My little rockstar

It seems my daughter besides an artist is also a performer in the making. Just this morning, she belted like a little rockstar. So exciting and yet at the same time the overeager stage mom in me is screaming to come out. Thoughts like "do I need to do something?", "Do I need to get her into a workshop or something?" And on my other shoulder there's "Will those things alter the natural flow of her talents and her passions?", "Will it ruin her 'voice'?" keeps on popping out. But I think for the meantime the saner mommy in me  wins. Let her (and us) enjoys the things she love doing. Let her form her own 'voice' until it's whole enough, solid enough to stand pat beside the world who might want to place everything in its own mold. But I'm also cutting my self some slack, as a mom it's perfectly justified to be proud but trying to be aware of the annoyance string I might strum along the way.

Daughter's Latest Artpiece


I found this on her work table and asked everyone in the house who did this and it turned out SHE DID IT HERSELF!!! Wow, my four year old can really paint now. Can't believe it for like ten minutes :)

I won't and can't credit it to my teaching because the most I do is let her do her thing... vandalize the wall, the floor , my notebooks, and almost everything she can laid her hands to. I loved to buy her all sort of drawing tools like sketch pad, crayons, water color, pastel color, paint, color pencil. And a little appreciation like "Very good", "Galing", and queries like "What's this" and "Tell me about it" would do a lot of wonder pala.

And I think it worked to actually take her to the right direction...HER direction.






Learning knows no place or time

There are those days that our kids are prodding us to do something or go somewhere, but it seems our creative juices  have momentarily dried up and there's shortage of tricks up our sleeves, or it's simply a "I don't wanna bother a lot" days. Here's a suggestion: Look around you!

A couple of mornings ago, I discovered something. There's a beautiful view on our very backyard. A rice field! With white birds flying around it! It's not that I haven't looked at the backyard before, maybe it's a case of not really "seeing" and appreciating.

And so i called my daughter  and just as i expected, she loves it so much more than I do.




Books with Love ♥

Books! I love lavishing my daughter with books and that's something I would love other children to have as well! I'm aware that many parents especially here in our barrio doesn't fully understand the value of reading because they themselves wouldn't even bother to open a book, there's the TV, there's the internet who needs books nowadays? I want to break this cycle even in the smallest possible scale. Here in our third world nation, libraries outside school are rarities if they exist, most are just decrepit rooms wherein books means encyclopedias, dictionaries, textbooks and bible story series. Reading is magic, it widens our horizons, it captivates imagination! Imagination is a beautiful beautiful thing, for me it's almost synonymous with genius. It is one thing I would like to impart on my child and other children. And this is only the beginning... I want to turn it into my advocacy... decent libraries for every town!

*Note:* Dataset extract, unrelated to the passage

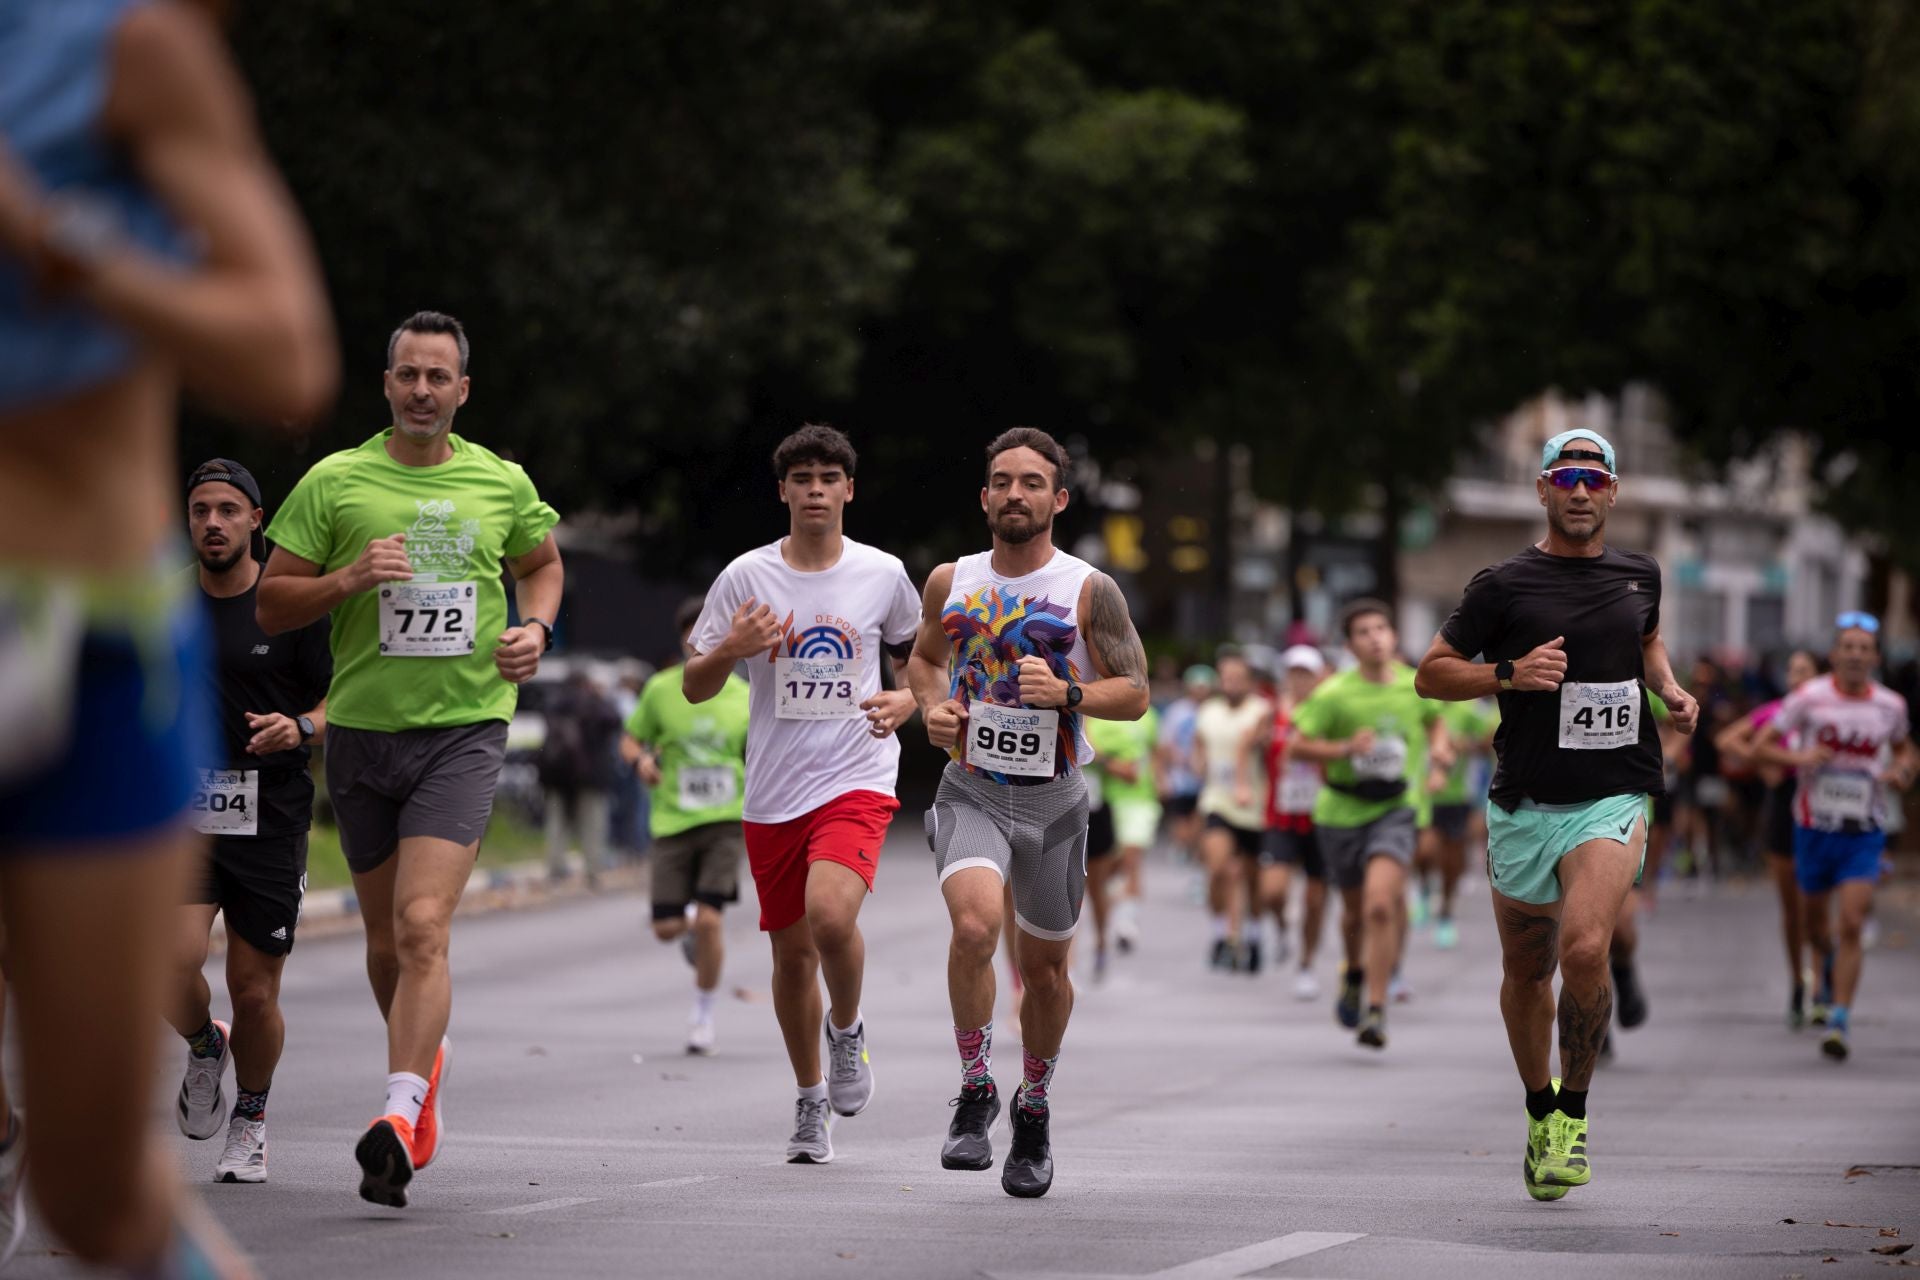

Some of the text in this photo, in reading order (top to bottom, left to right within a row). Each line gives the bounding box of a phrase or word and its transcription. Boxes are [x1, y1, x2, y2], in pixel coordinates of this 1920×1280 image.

[394, 608, 462, 634] 772
[785, 681, 851, 699] 1773
[1573, 705, 1631, 729] 416
[977, 727, 1040, 755] 969

So here's what I have to do first.
1. Do legwork, discuss it with government agencies or NGO's
2. Solicit donations.
3. Set distribution date, venue, and other additional activities.
4. Send invites, ads, coordinate with barangay officials and other agencies. 
Best of luck to me. I hope the passion will keep burning in my heart!

Community service is not just for law-breakers

Excited for my CWTS2 course this term! Strange but of all the courses I've taken this is the one I'm looking forward the most. Mind you, I'm such a beggar-snob or an anti-beggar,the better term I suppose. Perhaps because I have something in mind that I believe would truly help other human beings. Because I'm far from the metro I decided to so the self-initiated track, I'm leaning towards a teaching mission but the whole details I haven't decided or worked on yet.

Nevertheless, I know that this is not a completely selfless endeavor I'm going to tread. I'm aware that percentage of the excitement I'm feeling is based on my egoistic needs to feel significant, to feel useful, to make a difference. This doesn't make it less worthy. In fact, I believe egotism moves history forward.